Australian Stuart Appleby gestures to the left where he hit his tee shot on the 17th hole during the third round of the Masters yesterday. Picture / Reuters

KEY POINTS:

AUGUSTA - So far it's the toughest Masters in history, and probably the coldest too.

Stuart Appleby's 54-hole 218, two-over, is the highest by a third-round leader. The record for the highest total winning score, one-over 289, was set in 1954 and equalled two years later. It seems
certain to be exceeded today.

The Australian is one shot ahead of four-time champion Tiger Woods and England's Justin Rose.

Ireland's Padraig Harrington and Americans Zach Johnson and Vaughn Taylor are tied for fourth at four-over.

Round three was played on a day reminiscent of winter on the Canterbury Plains.

The skies were a sparkling clear blue but the north winds were bitingly cold and the temperature barely reached 10C. Augusta National's greens were again as hard and slick as an ice rink littered with body bags, and scores ballooned accordingly.

The day's average was a staggering 77.35, more than five-over.

Only one player, Retief Goosen, broke par.

His 70 moved him from 46th equal to a share of 8th and a winning opportunity. Two others, Woods and England's Lee Westwood, returned even 72s but 12 players, or 20 per cent of the field, scored 80 or more.

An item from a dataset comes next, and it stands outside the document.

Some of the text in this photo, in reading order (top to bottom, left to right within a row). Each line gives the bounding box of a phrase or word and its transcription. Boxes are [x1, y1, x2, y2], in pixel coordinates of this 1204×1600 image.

Despite the high numbers, there were no complaints from the players.

Appleby remarked that the course was "right on the limit of tournament play", but Rose said he "couldn't argue with the set-up".

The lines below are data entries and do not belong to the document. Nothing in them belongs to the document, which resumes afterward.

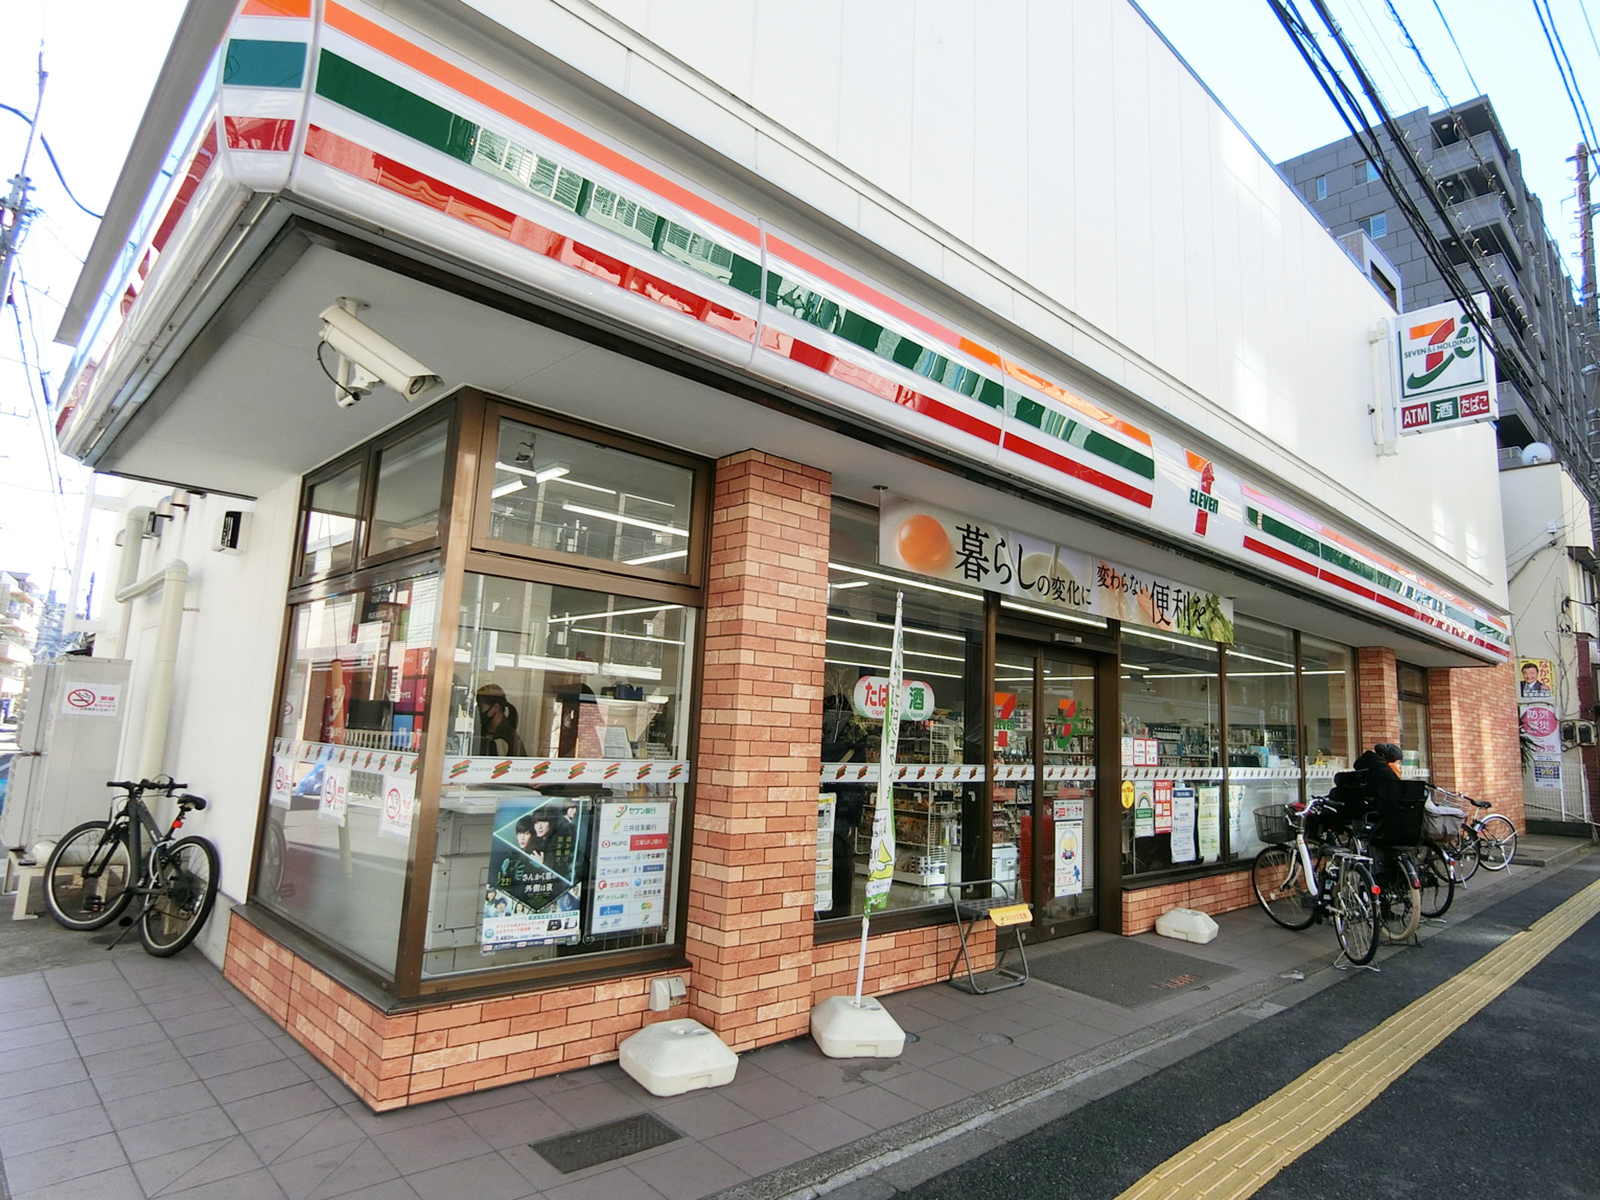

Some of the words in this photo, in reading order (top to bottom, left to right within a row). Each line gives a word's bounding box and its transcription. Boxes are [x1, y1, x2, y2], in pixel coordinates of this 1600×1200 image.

[1437, 337, 1477, 351] HOLDINGS
[1435, 401, 1454, 420] 酒
[1461, 394, 1489, 414] たばこ
[1403, 407, 1428, 425] ATM
[955, 523, 1092, 606] 暮らしの変化に
[1097, 565, 1207, 631] 変わらない便利を
[908, 686, 925, 711] 酒
[1527, 710, 1550, 719] 防災
[524, 883, 554, 893] 外側は夜

Appleby began the day three behind joint leaders Tim Clark and Brett Wetterich. They quickly fell off the pace and the man looking to become the first Australian to win at Augusta stormed to the top of the leaderboard with consecutive birdies on the 2nd, 3rd and 4th holes.

While he dropped a shot at the 7th, precision iron play and a sound short game kept him under par until the 17th. There he spectacularly unravelled with a triple-bogey seven after two trips into the sand, followed by three putts.

A sound par four up the demanding final hole meant he was home in 73 and setting the pace.

"The final round, though, will be a very different scenario for me, particularly from a crowd point of view with the fan base being for Tiger," he said.

"But I have to make sure I enjoy the day and be relaxed. That's where my best play comes from."

Woods, five shots behind at the start of the day, made two birdies in the first nine and seemed destined to move to the top of the leaderboard. Then he made mistakes on each of the final holes, finished with 72 and will be paired with Appleby in the final group today.

"With the wind and greens, this is one of the hardest rounds we've ever played here," he said. "You can hit a great shot and get absolutely hosed out there."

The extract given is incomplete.